═══ The data ═══
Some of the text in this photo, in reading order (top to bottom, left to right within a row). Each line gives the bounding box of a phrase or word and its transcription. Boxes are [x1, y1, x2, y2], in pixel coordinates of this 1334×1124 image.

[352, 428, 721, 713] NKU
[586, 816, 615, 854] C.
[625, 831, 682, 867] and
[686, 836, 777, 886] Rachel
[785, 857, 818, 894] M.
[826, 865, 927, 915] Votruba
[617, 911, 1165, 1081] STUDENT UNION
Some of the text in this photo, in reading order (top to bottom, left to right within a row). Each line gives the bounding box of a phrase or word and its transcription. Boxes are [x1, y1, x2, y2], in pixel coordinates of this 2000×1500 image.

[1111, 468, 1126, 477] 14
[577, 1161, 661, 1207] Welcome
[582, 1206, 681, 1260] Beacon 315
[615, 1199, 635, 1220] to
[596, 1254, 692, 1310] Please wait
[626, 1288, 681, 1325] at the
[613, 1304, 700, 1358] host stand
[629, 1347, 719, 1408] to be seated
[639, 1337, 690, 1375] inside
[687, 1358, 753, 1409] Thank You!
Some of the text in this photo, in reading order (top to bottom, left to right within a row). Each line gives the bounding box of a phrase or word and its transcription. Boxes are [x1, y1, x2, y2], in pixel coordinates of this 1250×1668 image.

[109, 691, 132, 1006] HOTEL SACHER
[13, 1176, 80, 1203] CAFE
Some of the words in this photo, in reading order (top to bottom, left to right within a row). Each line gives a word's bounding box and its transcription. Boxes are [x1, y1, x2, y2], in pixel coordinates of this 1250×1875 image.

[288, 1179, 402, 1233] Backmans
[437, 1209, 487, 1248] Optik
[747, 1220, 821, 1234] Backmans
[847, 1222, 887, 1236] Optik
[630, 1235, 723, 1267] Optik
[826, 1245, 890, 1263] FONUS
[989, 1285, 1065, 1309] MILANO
═══
What is expected:
Your output must be the exact lines from the one containing "this 1250×1668 image." through the end of the data above, both included, and nothing more.

Response box:
Some of the text in this photo, in reading order (top to bottom, left to right within a row). Each line gives the bounding box of a phrase or word and its transcription. Boxes are [x1, y1, x2, y2], in pixel coordinates of this 1250×1668 image.

[109, 691, 132, 1006] HOTEL SACHER
[13, 1176, 80, 1203] CAFE
Some of the words in this photo, in reading order (top to bottom, left to right within a row). Each line gives a word's bounding box and its transcription. Boxes are [x1, y1, x2, y2], in pixel coordinates of this 1250×1875 image.

[288, 1179, 402, 1233] Backmans
[437, 1209, 487, 1248] Optik
[747, 1220, 821, 1234] Backmans
[847, 1222, 887, 1236] Optik
[630, 1235, 723, 1267] Optik
[826, 1245, 890, 1263] FONUS
[989, 1285, 1065, 1309] MILANO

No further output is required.